INFORMATION SHOWN

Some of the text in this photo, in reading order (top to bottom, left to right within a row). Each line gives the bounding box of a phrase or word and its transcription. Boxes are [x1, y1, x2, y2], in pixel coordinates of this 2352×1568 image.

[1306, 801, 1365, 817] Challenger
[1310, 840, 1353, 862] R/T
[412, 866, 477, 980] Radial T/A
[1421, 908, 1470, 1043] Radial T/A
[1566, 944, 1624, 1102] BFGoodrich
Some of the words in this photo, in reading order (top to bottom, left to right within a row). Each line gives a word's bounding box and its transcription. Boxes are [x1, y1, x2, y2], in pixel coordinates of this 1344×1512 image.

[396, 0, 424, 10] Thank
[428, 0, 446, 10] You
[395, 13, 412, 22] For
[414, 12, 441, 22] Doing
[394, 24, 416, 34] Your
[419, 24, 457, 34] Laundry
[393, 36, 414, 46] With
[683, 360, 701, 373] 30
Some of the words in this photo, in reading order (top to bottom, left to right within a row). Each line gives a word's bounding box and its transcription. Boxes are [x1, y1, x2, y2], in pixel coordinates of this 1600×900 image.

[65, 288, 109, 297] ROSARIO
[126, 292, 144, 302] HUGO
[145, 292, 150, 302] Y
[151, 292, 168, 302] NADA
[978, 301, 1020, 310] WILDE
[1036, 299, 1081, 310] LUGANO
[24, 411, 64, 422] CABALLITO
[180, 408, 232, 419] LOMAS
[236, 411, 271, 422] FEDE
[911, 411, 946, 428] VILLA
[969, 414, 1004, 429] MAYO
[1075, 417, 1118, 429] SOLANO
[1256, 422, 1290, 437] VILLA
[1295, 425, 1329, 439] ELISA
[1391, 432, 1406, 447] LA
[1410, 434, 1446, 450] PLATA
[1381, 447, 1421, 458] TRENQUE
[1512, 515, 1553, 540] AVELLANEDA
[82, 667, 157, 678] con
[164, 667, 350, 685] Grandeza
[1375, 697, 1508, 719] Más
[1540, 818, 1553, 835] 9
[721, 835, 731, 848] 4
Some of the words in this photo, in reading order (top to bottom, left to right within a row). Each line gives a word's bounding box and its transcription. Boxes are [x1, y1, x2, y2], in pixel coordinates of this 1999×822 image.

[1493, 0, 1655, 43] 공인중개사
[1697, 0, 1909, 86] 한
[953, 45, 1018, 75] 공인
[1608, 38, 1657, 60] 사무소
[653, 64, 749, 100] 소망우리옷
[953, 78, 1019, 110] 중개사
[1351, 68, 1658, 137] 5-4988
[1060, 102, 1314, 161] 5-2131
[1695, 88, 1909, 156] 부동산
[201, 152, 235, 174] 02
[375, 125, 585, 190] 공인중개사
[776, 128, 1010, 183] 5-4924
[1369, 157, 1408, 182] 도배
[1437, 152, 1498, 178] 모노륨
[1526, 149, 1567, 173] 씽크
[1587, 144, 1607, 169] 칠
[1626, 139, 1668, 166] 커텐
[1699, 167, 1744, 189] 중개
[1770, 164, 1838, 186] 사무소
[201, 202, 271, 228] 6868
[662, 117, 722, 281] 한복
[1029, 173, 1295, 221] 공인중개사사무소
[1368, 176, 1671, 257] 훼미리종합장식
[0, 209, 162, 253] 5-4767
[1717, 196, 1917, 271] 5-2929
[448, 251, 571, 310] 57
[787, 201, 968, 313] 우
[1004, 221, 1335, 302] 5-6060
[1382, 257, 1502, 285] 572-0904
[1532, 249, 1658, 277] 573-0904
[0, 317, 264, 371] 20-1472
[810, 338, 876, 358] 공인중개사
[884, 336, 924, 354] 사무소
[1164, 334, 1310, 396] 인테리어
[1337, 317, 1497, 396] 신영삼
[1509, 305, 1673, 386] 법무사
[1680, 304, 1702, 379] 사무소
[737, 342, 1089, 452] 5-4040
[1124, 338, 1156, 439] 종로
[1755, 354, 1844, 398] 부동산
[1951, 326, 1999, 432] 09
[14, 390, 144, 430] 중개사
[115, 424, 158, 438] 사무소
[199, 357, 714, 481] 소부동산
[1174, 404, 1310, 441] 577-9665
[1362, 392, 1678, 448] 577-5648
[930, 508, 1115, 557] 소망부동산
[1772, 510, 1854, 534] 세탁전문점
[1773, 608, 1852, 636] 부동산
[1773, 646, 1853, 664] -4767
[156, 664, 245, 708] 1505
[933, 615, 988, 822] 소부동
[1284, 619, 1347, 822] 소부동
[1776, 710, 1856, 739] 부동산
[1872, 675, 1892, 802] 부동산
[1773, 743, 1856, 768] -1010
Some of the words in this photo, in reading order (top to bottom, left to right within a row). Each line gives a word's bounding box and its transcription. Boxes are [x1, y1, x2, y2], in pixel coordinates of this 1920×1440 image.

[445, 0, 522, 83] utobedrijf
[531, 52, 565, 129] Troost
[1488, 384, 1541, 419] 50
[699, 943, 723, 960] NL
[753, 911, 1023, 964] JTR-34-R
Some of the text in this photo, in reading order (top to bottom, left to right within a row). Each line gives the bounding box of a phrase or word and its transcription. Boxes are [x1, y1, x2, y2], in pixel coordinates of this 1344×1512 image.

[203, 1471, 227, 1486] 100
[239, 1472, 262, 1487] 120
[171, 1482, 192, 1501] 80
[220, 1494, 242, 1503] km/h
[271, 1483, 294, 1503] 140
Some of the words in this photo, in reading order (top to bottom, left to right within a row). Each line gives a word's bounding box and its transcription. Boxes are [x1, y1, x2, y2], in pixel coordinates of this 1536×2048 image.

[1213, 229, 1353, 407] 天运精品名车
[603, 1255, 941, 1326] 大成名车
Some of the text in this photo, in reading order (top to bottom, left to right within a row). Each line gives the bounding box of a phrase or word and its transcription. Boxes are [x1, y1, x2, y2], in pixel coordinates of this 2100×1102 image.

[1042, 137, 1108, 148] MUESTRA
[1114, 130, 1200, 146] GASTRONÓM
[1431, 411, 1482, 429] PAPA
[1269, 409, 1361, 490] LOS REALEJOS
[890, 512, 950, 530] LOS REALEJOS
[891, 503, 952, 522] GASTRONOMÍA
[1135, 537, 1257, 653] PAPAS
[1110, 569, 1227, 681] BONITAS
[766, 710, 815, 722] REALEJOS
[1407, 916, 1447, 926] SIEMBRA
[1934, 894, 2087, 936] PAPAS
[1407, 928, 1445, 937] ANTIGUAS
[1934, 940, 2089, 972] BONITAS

TASK PROMPT
Print all of the entries exactly as they appear.

ANSWER
Some of the text in this photo, in reading order (top to bottom, left to right within a row). Each line gives the bounding box of a phrase or word and its transcription. Boxes are [x1, y1, x2, y2], in pixel coordinates of this 2352×1568 image.

[1306, 801, 1365, 817] Challenger
[1310, 840, 1353, 862] R/T
[412, 866, 477, 980] Radial T/A
[1421, 908, 1470, 1043] Radial T/A
[1566, 944, 1624, 1102] BFGoodrich
Some of the words in this photo, in reading order (top to bottom, left to right within a row). Each line gives a word's bounding box and its transcription. Boxes are [x1, y1, x2, y2], in pixel coordinates of this 1344×1512 image.

[396, 0, 424, 10] Thank
[428, 0, 446, 10] You
[395, 13, 412, 22] For
[414, 12, 441, 22] Doing
[394, 24, 416, 34] Your
[419, 24, 457, 34] Laundry
[393, 36, 414, 46] With
[683, 360, 701, 373] 30
Some of the words in this photo, in reading order (top to bottom, left to right within a row). Each line gives a word's bounding box and its transcription. Boxes are [x1, y1, x2, y2], in pixel coordinates of this 1600×900 image.

[65, 288, 109, 297] ROSARIO
[126, 292, 144, 302] HUGO
[145, 292, 150, 302] Y
[151, 292, 168, 302] NADA
[978, 301, 1020, 310] WILDE
[1036, 299, 1081, 310] LUGANO
[24, 411, 64, 422] CABALLITO
[180, 408, 232, 419] LOMAS
[236, 411, 271, 422] FEDE
[911, 411, 946, 428] VILLA
[969, 414, 1004, 429] MAYO
[1075, 417, 1118, 429] SOLANO
[1256, 422, 1290, 437] VILLA
[1295, 425, 1329, 439] ELISA
[1391, 432, 1406, 447] LA
[1410, 434, 1446, 450] PLATA
[1381, 447, 1421, 458] TRENQUE
[1512, 515, 1553, 540] AVELLANEDA
[82, 667, 157, 678] con
[164, 667, 350, 685] Grandeza
[1375, 697, 1508, 719] Más
[1540, 818, 1553, 835] 9
[721, 835, 731, 848] 4
Some of the words in this photo, in reading order (top to bottom, left to right within a row). Each line gives a word's bounding box and its transcription. Boxes are [x1, y1, x2, y2], in pixel coordinates of this 1999×822 image.

[1493, 0, 1655, 43] 공인중개사
[1697, 0, 1909, 86] 한
[953, 45, 1018, 75] 공인
[1608, 38, 1657, 60] 사무소
[653, 64, 749, 100] 소망우리옷
[953, 78, 1019, 110] 중개사
[1351, 68, 1658, 137] 5-4988
[1060, 102, 1314, 161] 5-2131
[1695, 88, 1909, 156] 부동산
[201, 152, 235, 174] 02
[375, 125, 585, 190] 공인중개사
[776, 128, 1010, 183] 5-4924
[1369, 157, 1408, 182] 도배
[1437, 152, 1498, 178] 모노륨
[1526, 149, 1567, 173] 씽크
[1587, 144, 1607, 169] 칠
[1626, 139, 1668, 166] 커텐
[1699, 167, 1744, 189] 중개
[1770, 164, 1838, 186] 사무소
[201, 202, 271, 228] 6868
[662, 117, 722, 281] 한복
[1029, 173, 1295, 221] 공인중개사사무소
[1368, 176, 1671, 257] 훼미리종합장식
[0, 209, 162, 253] 5-4767
[1717, 196, 1917, 271] 5-2929
[448, 251, 571, 310] 57
[787, 201, 968, 313] 우
[1004, 221, 1335, 302] 5-6060
[1382, 257, 1502, 285] 572-0904
[1532, 249, 1658, 277] 573-0904
[0, 317, 264, 371] 20-1472
[810, 338, 876, 358] 공인중개사
[884, 336, 924, 354] 사무소
[1164, 334, 1310, 396] 인테리어
[1337, 317, 1497, 396] 신영삼
[1509, 305, 1673, 386] 법무사
[1680, 304, 1702, 379] 사무소
[737, 342, 1089, 452] 5-4040
[1124, 338, 1156, 439] 종로
[1755, 354, 1844, 398] 부동산
[1951, 326, 1999, 432] 09
[14, 390, 144, 430] 중개사
[115, 424, 158, 438] 사무소
[199, 357, 714, 481] 소부동산
[1174, 404, 1310, 441] 577-9665
[1362, 392, 1678, 448] 577-5648
[930, 508, 1115, 557] 소망부동산
[1772, 510, 1854, 534] 세탁전문점
[1773, 608, 1852, 636] 부동산
[1773, 646, 1853, 664] -4767
[156, 664, 245, 708] 1505
[933, 615, 988, 822] 소부동
[1284, 619, 1347, 822] 소부동
[1776, 710, 1856, 739] 부동산
[1872, 675, 1892, 802] 부동산
[1773, 743, 1856, 768] -1010
Some of the words in this photo, in reading order (top to bottom, left to right within a row). Each line gives a word's bounding box and its transcription. Boxes are [x1, y1, x2, y2], in pixel coordinates of this 1920×1440 image.

[445, 0, 522, 83] utobedrijf
[531, 52, 565, 129] Troost
[1488, 384, 1541, 419] 50
[699, 943, 723, 960] NL
[753, 911, 1023, 964] JTR-34-R
Some of the text in this photo, in reading order (top to bottom, left to right within a row). Each line gives the bounding box of a phrase or word and its transcription. Boxes are [x1, y1, x2, y2], in pixel coordinates of this 1344×1512 image.

[203, 1471, 227, 1486] 100
[239, 1472, 262, 1487] 120
[171, 1482, 192, 1501] 80
[220, 1494, 242, 1503] km/h
[271, 1483, 294, 1503] 140
Some of the words in this photo, in reading order (top to bottom, left to right within a row). Each line gives a word's bounding box and its transcription. Boxes are [x1, y1, x2, y2], in pixel coordinates of this 1536×2048 image.

[1213, 229, 1353, 407] 天运精品名车
[603, 1255, 941, 1326] 大成名车
Some of the text in this photo, in reading order (top to bottom, left to right within a row). Each line gives the bounding box of a phrase or word and its transcription. Boxes are [x1, y1, x2, y2], in pixel coordinates of this 2100×1102 image.

[1042, 137, 1108, 148] MUESTRA
[1114, 130, 1200, 146] GASTRONÓM
[1431, 411, 1482, 429] PAPA
[1269, 409, 1361, 490] LOS REALEJOS
[890, 512, 950, 530] LOS REALEJOS
[891, 503, 952, 522] GASTRONOMÍA
[1135, 537, 1257, 653] PAPAS
[1110, 569, 1227, 681] BONITAS
[766, 710, 815, 722] REALEJOS
[1407, 916, 1447, 926] SIEMBRA
[1934, 894, 2087, 936] PAPAS
[1407, 928, 1445, 937] ANTIGUAS
[1934, 940, 2089, 972] BONITAS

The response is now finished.